Description of the task: Extract every line below, verbatim.

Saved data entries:
----------

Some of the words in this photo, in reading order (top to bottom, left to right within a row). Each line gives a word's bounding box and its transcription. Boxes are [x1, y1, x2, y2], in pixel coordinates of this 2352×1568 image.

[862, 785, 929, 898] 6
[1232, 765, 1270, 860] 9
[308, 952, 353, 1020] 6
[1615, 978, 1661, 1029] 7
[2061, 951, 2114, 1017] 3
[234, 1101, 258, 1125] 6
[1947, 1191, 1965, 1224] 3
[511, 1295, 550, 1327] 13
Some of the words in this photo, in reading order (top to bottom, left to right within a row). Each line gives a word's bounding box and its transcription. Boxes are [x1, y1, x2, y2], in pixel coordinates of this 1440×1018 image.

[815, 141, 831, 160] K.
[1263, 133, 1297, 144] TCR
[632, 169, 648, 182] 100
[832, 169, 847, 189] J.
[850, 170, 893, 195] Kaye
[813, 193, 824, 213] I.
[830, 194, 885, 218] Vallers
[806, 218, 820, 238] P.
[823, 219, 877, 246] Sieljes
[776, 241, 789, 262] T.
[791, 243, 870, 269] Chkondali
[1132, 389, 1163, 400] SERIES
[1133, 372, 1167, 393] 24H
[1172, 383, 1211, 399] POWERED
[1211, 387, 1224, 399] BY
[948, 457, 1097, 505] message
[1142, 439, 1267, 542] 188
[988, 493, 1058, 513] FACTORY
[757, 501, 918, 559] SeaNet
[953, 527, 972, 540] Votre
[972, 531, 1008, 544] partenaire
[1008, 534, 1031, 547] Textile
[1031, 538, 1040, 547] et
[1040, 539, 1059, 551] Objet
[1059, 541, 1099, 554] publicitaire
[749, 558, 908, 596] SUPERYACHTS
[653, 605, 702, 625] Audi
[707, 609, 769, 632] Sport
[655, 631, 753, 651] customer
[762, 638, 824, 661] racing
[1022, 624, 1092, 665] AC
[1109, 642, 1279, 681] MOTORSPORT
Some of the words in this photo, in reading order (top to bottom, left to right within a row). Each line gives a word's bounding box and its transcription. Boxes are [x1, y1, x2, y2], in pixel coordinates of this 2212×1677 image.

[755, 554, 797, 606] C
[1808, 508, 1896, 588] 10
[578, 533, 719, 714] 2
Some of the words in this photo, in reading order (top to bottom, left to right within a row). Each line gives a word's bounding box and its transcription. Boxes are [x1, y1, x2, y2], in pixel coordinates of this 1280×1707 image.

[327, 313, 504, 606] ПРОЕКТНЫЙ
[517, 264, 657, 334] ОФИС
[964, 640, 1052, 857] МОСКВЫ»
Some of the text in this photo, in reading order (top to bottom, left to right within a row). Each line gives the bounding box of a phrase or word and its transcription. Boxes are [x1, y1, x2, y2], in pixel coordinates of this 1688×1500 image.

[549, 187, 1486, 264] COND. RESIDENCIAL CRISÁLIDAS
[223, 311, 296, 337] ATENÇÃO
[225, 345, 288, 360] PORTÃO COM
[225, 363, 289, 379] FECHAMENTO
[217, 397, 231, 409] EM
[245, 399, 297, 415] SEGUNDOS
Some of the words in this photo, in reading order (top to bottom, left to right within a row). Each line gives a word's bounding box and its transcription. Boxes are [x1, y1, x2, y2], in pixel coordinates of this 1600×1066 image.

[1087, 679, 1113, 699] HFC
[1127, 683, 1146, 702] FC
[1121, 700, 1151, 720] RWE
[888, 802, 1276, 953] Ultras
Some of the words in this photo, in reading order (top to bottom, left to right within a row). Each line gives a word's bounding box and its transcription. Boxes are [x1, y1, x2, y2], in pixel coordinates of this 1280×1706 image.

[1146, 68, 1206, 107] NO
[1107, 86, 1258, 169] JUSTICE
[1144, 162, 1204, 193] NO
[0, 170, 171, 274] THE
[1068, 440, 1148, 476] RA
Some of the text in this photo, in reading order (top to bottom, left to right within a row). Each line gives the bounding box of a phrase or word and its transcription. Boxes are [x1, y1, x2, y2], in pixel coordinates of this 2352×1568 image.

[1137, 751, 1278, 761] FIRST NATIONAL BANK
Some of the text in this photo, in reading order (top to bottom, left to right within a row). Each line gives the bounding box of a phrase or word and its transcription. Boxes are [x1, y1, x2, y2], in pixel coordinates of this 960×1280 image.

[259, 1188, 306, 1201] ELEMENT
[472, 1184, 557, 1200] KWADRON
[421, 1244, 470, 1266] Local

----------

Task answer:
Some of the words in this photo, in reading order (top to bottom, left to right within a row). Each line gives a word's bounding box and its transcription. Boxes are [x1, y1, x2, y2], in pixel coordinates of this 2352×1568 image.

[862, 785, 929, 898] 6
[1232, 765, 1270, 860] 9
[308, 952, 353, 1020] 6
[1615, 978, 1661, 1029] 7
[2061, 951, 2114, 1017] 3
[234, 1101, 258, 1125] 6
[1947, 1191, 1965, 1224] 3
[511, 1295, 550, 1327] 13
Some of the words in this photo, in reading order (top to bottom, left to right within a row). Each line gives a word's bounding box and its transcription. Boxes are [x1, y1, x2, y2], in pixel coordinates of this 1440×1018 image.

[815, 141, 831, 160] K.
[1263, 133, 1297, 144] TCR
[632, 169, 648, 182] 100
[832, 169, 847, 189] J.
[850, 170, 893, 195] Kaye
[813, 193, 824, 213] I.
[830, 194, 885, 218] Vallers
[806, 218, 820, 238] P.
[823, 219, 877, 246] Sieljes
[776, 241, 789, 262] T.
[791, 243, 870, 269] Chkondali
[1132, 389, 1163, 400] SERIES
[1133, 372, 1167, 393] 24H
[1172, 383, 1211, 399] POWERED
[1211, 387, 1224, 399] BY
[948, 457, 1097, 505] message
[1142, 439, 1267, 542] 188
[988, 493, 1058, 513] FACTORY
[757, 501, 918, 559] SeaNet
[953, 527, 972, 540] Votre
[972, 531, 1008, 544] partenaire
[1008, 534, 1031, 547] Textile
[1031, 538, 1040, 547] et
[1040, 539, 1059, 551] Objet
[1059, 541, 1099, 554] publicitaire
[749, 558, 908, 596] SUPERYACHTS
[653, 605, 702, 625] Audi
[707, 609, 769, 632] Sport
[655, 631, 753, 651] customer
[762, 638, 824, 661] racing
[1022, 624, 1092, 665] AC
[1109, 642, 1279, 681] MOTORSPORT
Some of the words in this photo, in reading order (top to bottom, left to right within a row). Each line gives a word's bounding box and its transcription. Boxes are [x1, y1, x2, y2], in pixel coordinates of this 2212×1677 image.

[755, 554, 797, 606] C
[1808, 508, 1896, 588] 10
[578, 533, 719, 714] 2
Some of the words in this photo, in reading order (top to bottom, left to right within a row). Each line gives a word's bounding box and its transcription. Boxes are [x1, y1, x2, y2], in pixel coordinates of this 1280×1707 image.

[327, 313, 504, 606] ПРОЕКТНЫЙ
[517, 264, 657, 334] ОФИС
[964, 640, 1052, 857] МОСКВЫ»
Some of the text in this photo, in reading order (top to bottom, left to right within a row). Each line gives the bounding box of a phrase or word and its transcription. Boxes are [x1, y1, x2, y2], in pixel coordinates of this 1688×1500 image.

[549, 187, 1486, 264] COND. RESIDENCIAL CRISÁLIDAS
[223, 311, 296, 337] ATENÇÃO
[225, 345, 288, 360] PORTÃO COM
[225, 363, 289, 379] FECHAMENTO
[217, 397, 231, 409] EM
[245, 399, 297, 415] SEGUNDOS
Some of the words in this photo, in reading order (top to bottom, left to right within a row). Each line gives a word's bounding box and its transcription. Boxes are [x1, y1, x2, y2], in pixel coordinates of this 1600×1066 image.

[1087, 679, 1113, 699] HFC
[1127, 683, 1146, 702] FC
[1121, 700, 1151, 720] RWE
[888, 802, 1276, 953] Ultras
Some of the words in this photo, in reading order (top to bottom, left to right within a row). Each line gives a word's bounding box and its transcription. Boxes are [x1, y1, x2, y2], in pixel coordinates of this 1280×1706 image.

[1146, 68, 1206, 107] NO
[1107, 86, 1258, 169] JUSTICE
[1144, 162, 1204, 193] NO
[0, 170, 171, 274] THE
[1068, 440, 1148, 476] RA
Some of the text in this photo, in reading order (top to bottom, left to right within a row). Each line gives the bounding box of a phrase or word and its transcription. Boxes are [x1, y1, x2, y2], in pixel coordinates of this 2352×1568 image.

[1137, 751, 1278, 761] FIRST NATIONAL BANK
Some of the text in this photo, in reading order (top to bottom, left to right within a row). Each line gives the bounding box of a phrase or word and its transcription. Boxes are [x1, y1, x2, y2], in pixel coordinates of this 960×1280 image.

[259, 1188, 306, 1201] ELEMENT
[472, 1184, 557, 1200] KWADRON
[421, 1244, 470, 1266] Local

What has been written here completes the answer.